More than 150 people put on their running shoes Sunday morning, then dashed through the streets of Olympia, and they did it all in the name of Mom and a local nonprofit.
That’s because the morning run, a 5K that started and ended at the Hands On Children’s Museum, was the Family Support Center’s inaugural Mother’s Day run.
The Family Support Center, which is based in Olympia, works with low-income and homeless families. It also operates Pear Blossom Place, the largest homeless families shelter in the county, development director Natalie Moran said Sunday.
Sunday’s goal was to raise close to $10,000, she said.
The race started at 8:45 a.m. Just under 20 minutes later, Earl Zamora, 53, of Olympia was the first to cross the finish line.
Before the race, though, Zamora made sure to call his mother in New Mexico. Then he set out to run the 5K in less than 20 minutes.
It was a personal challenge for him because he has never done well on a 5K course near the museum, he said, which typically takes advantage of a long stretch of East Bay Drive before runners head to the finish line.
On Sunday, he met his challenge.
“You’re never too old to run,” he said.
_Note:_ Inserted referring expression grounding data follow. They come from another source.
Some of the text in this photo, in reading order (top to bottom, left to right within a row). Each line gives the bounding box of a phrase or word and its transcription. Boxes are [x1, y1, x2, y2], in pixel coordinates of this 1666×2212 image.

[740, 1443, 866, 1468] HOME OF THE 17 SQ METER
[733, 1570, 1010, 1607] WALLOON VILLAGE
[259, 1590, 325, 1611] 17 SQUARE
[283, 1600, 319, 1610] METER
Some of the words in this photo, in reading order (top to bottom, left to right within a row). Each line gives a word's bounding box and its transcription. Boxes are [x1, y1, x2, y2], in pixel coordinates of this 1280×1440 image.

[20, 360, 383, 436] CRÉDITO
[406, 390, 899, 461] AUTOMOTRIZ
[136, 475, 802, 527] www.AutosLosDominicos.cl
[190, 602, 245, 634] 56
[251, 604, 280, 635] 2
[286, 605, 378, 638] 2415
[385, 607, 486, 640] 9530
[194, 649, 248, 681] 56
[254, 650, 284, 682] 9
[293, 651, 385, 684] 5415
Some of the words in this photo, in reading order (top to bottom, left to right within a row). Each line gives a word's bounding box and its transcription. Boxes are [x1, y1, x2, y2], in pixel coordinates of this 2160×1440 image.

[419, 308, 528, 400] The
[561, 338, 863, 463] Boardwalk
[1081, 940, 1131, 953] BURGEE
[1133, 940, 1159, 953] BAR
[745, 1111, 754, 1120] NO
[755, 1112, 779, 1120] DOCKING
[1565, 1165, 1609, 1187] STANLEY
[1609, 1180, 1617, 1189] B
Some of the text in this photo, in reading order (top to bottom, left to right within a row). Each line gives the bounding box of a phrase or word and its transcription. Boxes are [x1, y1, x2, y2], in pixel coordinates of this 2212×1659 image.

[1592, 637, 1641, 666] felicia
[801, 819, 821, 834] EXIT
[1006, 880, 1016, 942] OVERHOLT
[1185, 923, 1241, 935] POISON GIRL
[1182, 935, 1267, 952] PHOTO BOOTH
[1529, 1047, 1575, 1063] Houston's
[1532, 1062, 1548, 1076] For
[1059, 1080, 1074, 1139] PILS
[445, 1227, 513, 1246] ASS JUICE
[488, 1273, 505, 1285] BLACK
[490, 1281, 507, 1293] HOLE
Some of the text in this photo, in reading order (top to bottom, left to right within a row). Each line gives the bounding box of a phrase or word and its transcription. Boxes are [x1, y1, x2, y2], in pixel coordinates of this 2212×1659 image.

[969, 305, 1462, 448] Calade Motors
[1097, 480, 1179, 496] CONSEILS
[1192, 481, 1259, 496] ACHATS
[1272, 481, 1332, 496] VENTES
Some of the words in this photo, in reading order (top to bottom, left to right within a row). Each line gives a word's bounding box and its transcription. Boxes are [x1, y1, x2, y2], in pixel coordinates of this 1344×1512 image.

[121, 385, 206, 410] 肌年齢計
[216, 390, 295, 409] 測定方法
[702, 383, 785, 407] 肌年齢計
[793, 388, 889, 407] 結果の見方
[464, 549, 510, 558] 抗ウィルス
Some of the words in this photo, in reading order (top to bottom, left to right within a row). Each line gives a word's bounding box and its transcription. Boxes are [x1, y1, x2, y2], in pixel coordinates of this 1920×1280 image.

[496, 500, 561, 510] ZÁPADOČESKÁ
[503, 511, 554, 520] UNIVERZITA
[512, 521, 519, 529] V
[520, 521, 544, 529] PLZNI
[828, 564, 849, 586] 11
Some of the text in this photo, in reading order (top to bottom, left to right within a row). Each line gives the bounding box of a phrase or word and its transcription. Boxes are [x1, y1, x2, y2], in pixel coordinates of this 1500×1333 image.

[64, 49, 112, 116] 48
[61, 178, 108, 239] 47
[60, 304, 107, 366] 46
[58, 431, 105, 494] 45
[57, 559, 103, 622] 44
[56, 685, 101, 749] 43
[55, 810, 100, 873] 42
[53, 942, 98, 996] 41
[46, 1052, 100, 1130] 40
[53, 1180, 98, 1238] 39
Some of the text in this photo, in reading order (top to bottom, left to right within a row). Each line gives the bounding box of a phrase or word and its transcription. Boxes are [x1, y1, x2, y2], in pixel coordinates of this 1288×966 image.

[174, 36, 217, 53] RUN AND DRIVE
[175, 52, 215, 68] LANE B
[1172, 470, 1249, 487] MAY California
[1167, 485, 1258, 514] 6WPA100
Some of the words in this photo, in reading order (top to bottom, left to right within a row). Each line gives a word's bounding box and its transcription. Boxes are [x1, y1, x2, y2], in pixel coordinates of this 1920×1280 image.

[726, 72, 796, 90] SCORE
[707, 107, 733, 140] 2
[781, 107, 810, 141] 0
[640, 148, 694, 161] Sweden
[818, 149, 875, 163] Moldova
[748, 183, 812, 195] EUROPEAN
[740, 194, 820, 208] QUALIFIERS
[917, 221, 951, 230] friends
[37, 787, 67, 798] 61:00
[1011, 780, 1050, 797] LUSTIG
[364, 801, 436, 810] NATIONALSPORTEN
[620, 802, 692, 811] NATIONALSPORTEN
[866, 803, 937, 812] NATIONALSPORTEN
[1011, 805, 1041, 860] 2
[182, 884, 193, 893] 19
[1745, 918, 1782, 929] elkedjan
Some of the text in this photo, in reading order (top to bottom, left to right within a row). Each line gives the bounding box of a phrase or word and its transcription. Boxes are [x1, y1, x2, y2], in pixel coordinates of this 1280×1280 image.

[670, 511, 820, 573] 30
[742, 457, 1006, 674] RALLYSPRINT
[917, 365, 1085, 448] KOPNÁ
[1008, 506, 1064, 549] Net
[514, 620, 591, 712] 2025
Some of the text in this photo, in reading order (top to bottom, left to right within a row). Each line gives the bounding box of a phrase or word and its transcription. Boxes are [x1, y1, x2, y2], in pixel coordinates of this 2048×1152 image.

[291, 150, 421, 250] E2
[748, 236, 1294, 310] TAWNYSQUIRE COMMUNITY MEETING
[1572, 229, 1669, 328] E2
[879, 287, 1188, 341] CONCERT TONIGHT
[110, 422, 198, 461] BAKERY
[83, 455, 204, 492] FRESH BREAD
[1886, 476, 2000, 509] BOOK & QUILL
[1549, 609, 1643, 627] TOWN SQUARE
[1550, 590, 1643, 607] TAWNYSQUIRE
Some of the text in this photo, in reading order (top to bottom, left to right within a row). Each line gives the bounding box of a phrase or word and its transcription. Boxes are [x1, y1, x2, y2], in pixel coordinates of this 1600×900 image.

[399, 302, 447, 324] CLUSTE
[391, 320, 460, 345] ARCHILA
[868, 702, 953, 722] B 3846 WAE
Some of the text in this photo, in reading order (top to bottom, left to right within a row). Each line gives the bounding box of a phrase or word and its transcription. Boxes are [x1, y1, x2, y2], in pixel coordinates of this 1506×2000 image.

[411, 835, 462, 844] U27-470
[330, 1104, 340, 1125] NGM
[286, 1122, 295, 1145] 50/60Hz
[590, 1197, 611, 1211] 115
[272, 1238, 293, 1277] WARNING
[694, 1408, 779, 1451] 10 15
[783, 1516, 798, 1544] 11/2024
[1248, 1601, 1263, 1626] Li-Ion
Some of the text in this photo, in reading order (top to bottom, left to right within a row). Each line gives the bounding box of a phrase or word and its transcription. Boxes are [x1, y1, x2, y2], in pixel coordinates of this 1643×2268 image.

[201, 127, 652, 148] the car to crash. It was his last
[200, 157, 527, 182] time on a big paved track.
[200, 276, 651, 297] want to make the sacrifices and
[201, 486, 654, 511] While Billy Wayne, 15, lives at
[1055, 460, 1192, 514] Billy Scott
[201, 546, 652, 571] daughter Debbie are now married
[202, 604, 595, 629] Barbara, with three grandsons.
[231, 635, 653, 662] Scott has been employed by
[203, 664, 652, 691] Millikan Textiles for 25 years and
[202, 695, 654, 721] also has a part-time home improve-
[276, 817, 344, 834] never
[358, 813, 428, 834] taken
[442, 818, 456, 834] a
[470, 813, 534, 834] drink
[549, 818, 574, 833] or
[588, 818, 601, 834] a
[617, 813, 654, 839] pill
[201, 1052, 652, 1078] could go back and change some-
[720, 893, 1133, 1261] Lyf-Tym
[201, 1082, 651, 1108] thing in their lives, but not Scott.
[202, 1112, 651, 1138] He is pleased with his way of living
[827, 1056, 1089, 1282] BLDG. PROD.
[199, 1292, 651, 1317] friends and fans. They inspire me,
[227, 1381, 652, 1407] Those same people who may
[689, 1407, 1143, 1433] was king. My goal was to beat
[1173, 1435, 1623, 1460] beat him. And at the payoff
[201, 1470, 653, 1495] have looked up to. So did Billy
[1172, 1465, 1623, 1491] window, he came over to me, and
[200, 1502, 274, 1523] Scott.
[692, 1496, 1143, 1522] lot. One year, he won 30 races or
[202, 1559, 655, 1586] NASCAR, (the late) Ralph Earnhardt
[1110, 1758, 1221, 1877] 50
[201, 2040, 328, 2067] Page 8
After the race, he was headed to a Mother’s Day brunch with his wife and daughter.
The first woman to cross the finish line was Laurel Coleman, 47, of Olympia, who said she wanted to run for the nonprofit and what she called a “great cause.”
“I support what they do,” she said, adding that her family had a salmon dinner planned for her on Mother’s Day.
Another competitor Sunday was Cleo Li-Schwartz, 15, who ran in the fall on the Black Hills High School cross-country team.
“I hadn’t done a 5K in a while and wanted to do it,” she said. After the race, she, too, was headed to brunch with her mother.
The inaugural Mother’s Day run also included a 1-mile run for children.